Qu’ils soient président , ministre , PDG , ou simple cadre, la qualité du management est , quoiqu’on dise, indissociable de la qualité de l’ homme, mais seulement pour ceux qui donnent priorité à l’éthique de responsabilité et ne subordonnent pas tout au résultat.

Être hautain, orgueilleux, cupide, égoïste, individualiste, carriériste, violent, amoral, que sais je encore ?
n’empêche pas d’exceller dans son art.

On peut être excellent médecin ou chirurgien et posséder l’amour fou d’Harpagon pour sa cassette .
C’est simplement dommage de n’aimer que du bout de son expertise.

Mais, sauf à travailler seul à longueur de journée dans un laboratoire, ( et encore ) , tout individu en situation de travail , doit travailler avec ses semblables.
Le plus talentueux des joueurs de football, le musicien le plus génial , le salarié le plus brillant ne sont pas les bienvenus s’ils jouent perso et traitent en mineurs, les gens qui jouent, ou travaillent avec eux.

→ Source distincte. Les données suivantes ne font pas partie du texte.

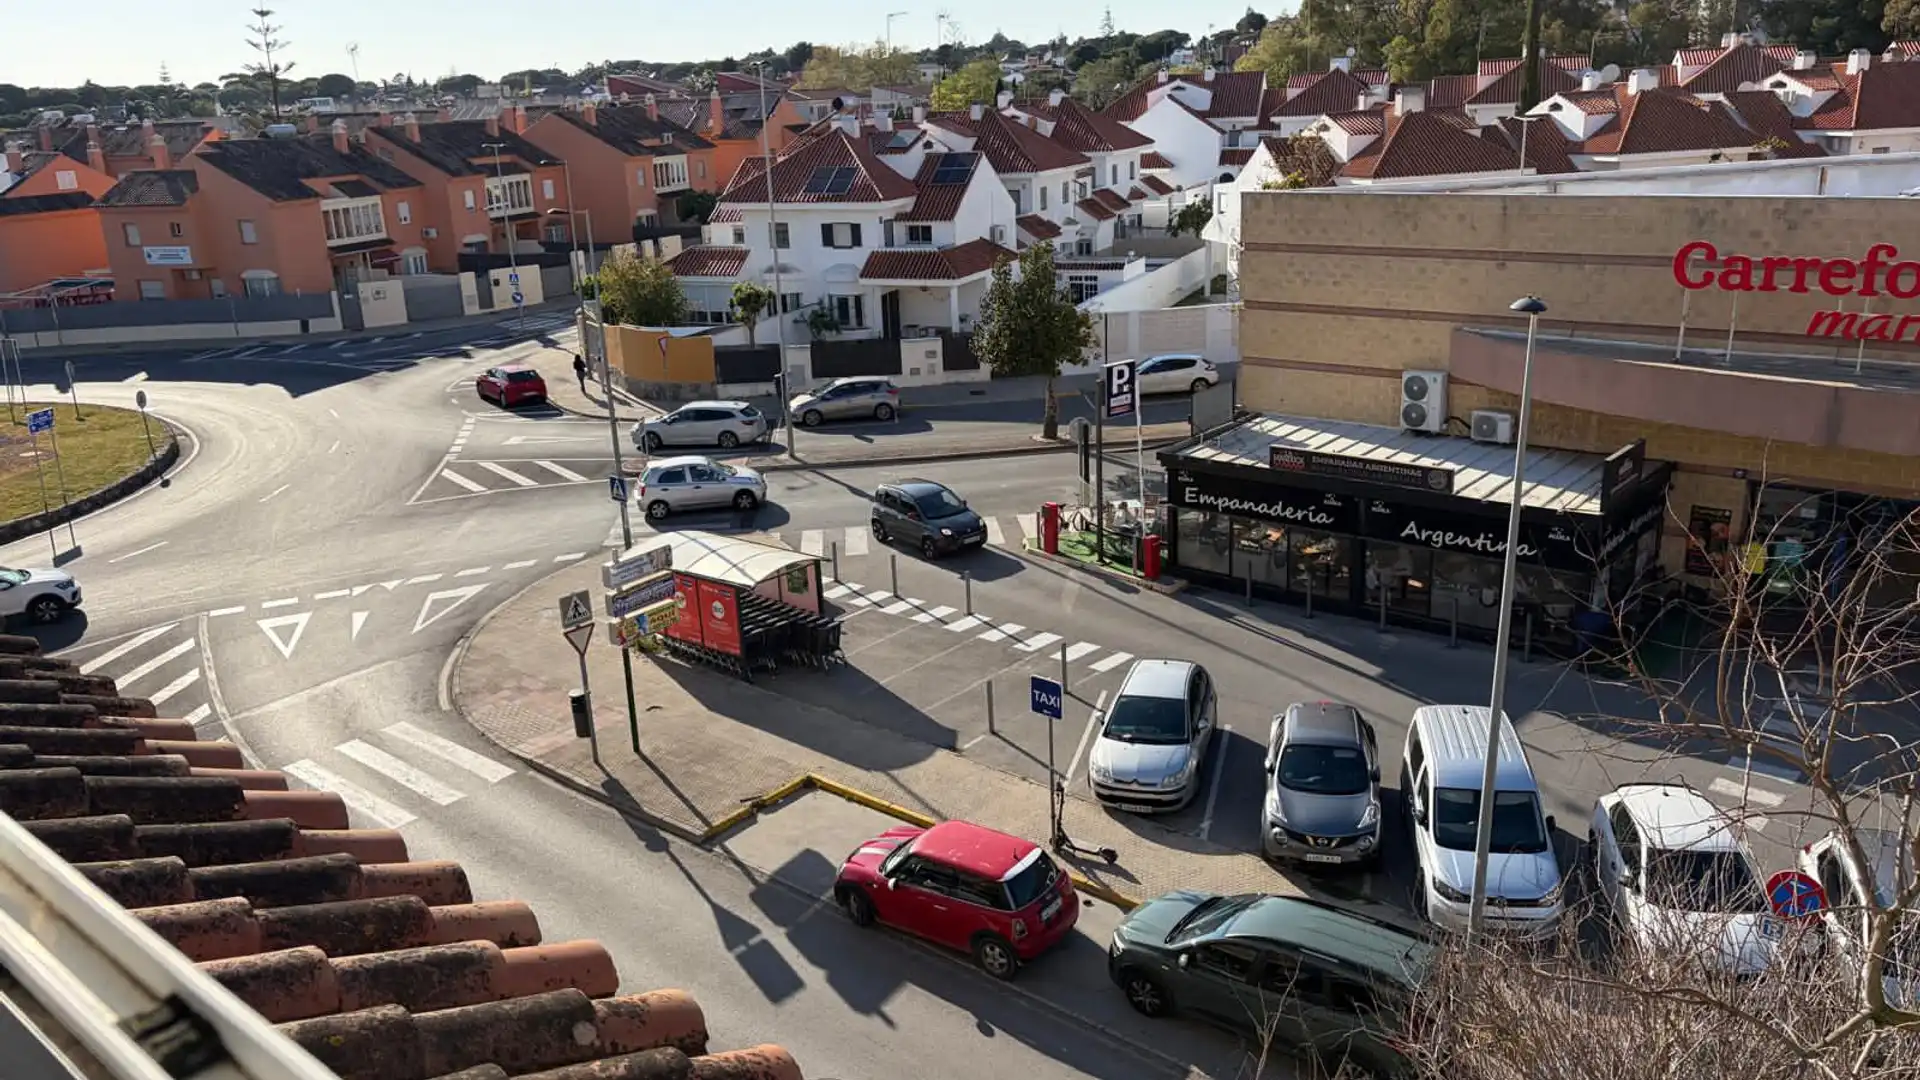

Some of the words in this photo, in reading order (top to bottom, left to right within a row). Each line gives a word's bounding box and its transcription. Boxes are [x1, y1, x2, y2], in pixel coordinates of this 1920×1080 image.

Quand l’art consiste à  » manier » des hommes, le professionnalisme du manager suppose bien d’autres qualités que la compétence ou l’expertise dans son métier.
Il interpelle la valeur qu’il accorde aux autres.
ET il est, hélas, faux de prétendre que les organisations autoritaires et contraignantes ne sont pas efficaces.
La Chine en donne un exemple frappant tous les matins.

Mais notre civilisation nous entraîne à considérer d’autres paramètres que l’efficacité brute.
Elle vise l’épanouissement de l’homme au travail et le respect de sa dignité.

C’est pourquoi le PDG le plus remarquable ne mérite pas les honneurs, si ses succès reposent sur l’exploitation et la pression anormale exercées sur ses troupes.
Même si nombre de salariés se pâment encore devant la toute puissance de leur chef , comme les membres d’une secte se croient obligés à l’admiration inconditionnelle.

Derrière tant de réputations managériales , exposées ici et là dans la presse spécialisée, quelques questions simples mériteraient d’être posées :
Derrière l’intelligence tant admirée, il y a t il place pour un peu d’indulgence ?
Derrière les objectifs dépassés du chef, combien de membres de son équipe ont dû en « baver » toute l’année ?
Derrière le centralisateur, qui veut tout voir et tout autoriser, et qui travaille 25 heures sur 24, combien d’initiatives mort nées dans le cerveau de ses subordonnés, réduits à l’état d’ordonnances ?
Derière le travailleur forcené, qui mène ses équipes à la cravache, la joie de travailler a t elle sa place ?
Derrière le cost killer, combien de malheurs ?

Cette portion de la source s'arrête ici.